Who I am
Kellina
Appana
"I did not lose my hair. I lost a version of myself I thought I needed and found someone far stronger underneath."
My name is Kellina. I was fifteen years old when I first noticed something was wrong. Small patches, quiet and easy to dismiss at first. A blood test later confirmed I was anaemic, a clinical answer that explained very little about what I was actually living through. In an attempt to cover what was happening, I turned to what so many girls my age did: synthetic hair extensions, high ponytails, the L'Oreal hair cover-up spray, anything to look normal. What I did not know then was that the tension and weight of those extensions were quietly making things worse. By the end of ninth grade, my scalp told a story I was not ready to share with anyone.
I remember the day so clearly. My mom took me with her to a hair salon. The hairdresser looked at my scalp, and the question on her face said everything her words did not have to. I did not respond. I did not even fully register that I was being judged, not until I got home, went straight to my room, closed the door, and cried. That was the beginning of my fear of being judged. That kind of hurt is particular. The kind that settles in slowly, once the room is quiet enough to feel it.
I remember hearing my mom tell my dad that night that they needed to take me to a specialist. And I remember the silence that followed. My dad did not fully understand the weight of what was happening. Nothing came of it. No specialist. No real answers. I was a teenager navigating something enormous, and I navigated most of it alone.

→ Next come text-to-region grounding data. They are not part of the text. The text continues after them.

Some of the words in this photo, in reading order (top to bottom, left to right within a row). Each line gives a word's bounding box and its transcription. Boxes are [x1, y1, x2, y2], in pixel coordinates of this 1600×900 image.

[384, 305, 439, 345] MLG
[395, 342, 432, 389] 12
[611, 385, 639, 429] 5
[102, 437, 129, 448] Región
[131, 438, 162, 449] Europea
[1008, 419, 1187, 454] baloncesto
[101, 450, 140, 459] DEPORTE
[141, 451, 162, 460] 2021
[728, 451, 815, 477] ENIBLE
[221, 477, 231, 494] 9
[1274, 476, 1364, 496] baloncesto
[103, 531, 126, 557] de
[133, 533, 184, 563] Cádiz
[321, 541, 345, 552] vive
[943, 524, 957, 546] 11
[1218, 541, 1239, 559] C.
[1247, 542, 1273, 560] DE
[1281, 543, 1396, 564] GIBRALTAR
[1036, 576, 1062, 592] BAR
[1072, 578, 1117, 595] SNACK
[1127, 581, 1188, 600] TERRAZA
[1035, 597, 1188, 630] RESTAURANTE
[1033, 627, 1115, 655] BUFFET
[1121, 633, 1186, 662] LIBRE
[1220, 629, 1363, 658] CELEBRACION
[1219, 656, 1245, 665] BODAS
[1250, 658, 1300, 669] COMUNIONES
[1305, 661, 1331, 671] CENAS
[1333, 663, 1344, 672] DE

So at sixteen, I made a decision entirely my own. I told my two best friends what I was going to do. They did not try to talk me out of it. They encouraged me, held me up, and made me feel like the bravest version of myself. That same day, I walked into a hair salon and shaved what was left. And the moment it was done, I felt something I had not felt in a long time. Free. Confident. Like myself, for the first time in years.
What I did not expect was what came next. The moment I stopped hiding, other people felt entitled to speak. The bullying started, rumours from older grades comparing me to a celebrity, comments about what I should do with my hair, opinions from people who had no idea that underneath every before photo, I had been hiding six pieces of extensions. The criticism was constant and careless. By eleventh grade I had built a wall. I stopped letting people have opinions on my choices. By twelfth grade I started growing my hair back, hoping the shave had somehow reset my follicles. I had been born with thick hair and I wanted to believe that version of me was still there. It was, for a while. And then it was not.

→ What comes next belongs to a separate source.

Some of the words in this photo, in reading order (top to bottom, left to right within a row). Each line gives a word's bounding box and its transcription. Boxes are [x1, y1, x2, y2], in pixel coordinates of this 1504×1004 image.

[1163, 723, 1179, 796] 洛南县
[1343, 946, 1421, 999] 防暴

Out of school, the patches returned. And this time the fear was different. I was an adult now. The stakes felt higher. I stayed quiet, stayed hidden, stayed scared of being judged in a new chapter of my life. Until the end of 2022, when something shifted. I had done it once. I could do it again. That same day, just like the first time, I shaved my head completely bald. And just like the first time, I felt free.
This time I also got answers. A formal diagnosis: alopecia areata. I took the medication route. I committed to self care, monitoring my iron and vitamin D, being careful about what I put in and on my body, reviewing products for weeks before changing a single thing in my routine, because my scalp has taught me that every choice carries consequences. The anxiety around it is real. The constant second guessing is real. Living with an autoimmune condition means your body is always in negotiation, and the world does not always give you the grace to do that quietly.
The past four years have been the most honest of my life. A journey of self discovery that extended far beyond my hair into who I am, what I want, and most importantly who I allow close to me. I have learned that the people who can fully accept you, exactly as you show up, are rare and precious. That kind of acceptance does not stay contained. It spreads into every meaningful relationship in your life. Your friendships deepen. Your family bonds shift. You start to understand your own worth in a way that no one else's opinion can touch.
I still watch what I eat. I still do blood tests. I still spend weeks researching a new shampoo before I try it. I still feel a flicker of old resentment when someone offers an unsolicited opinion on my appearance. These things do not disappear. But they no longer define me.
"To anyone living with alopecia, or any autoimmune condition that has rewritten your relationship with your own body, your grief is valid, your anger is valid, and your beauty was never conditional on any of it. You are not your diagnosis. You are everything you have chosen to become despite it."
I advocate for every person navigating life inside a body that the world does not always make room for, whether it is alopecia, anaemia, or any autoimmune condition that forces you to fight battles that are invisible to everyone around you. You deserve to be seen, believed, and supported. Your struggle is not an inconvenience. It is a testament to how hard you are working, every single day, just to show up.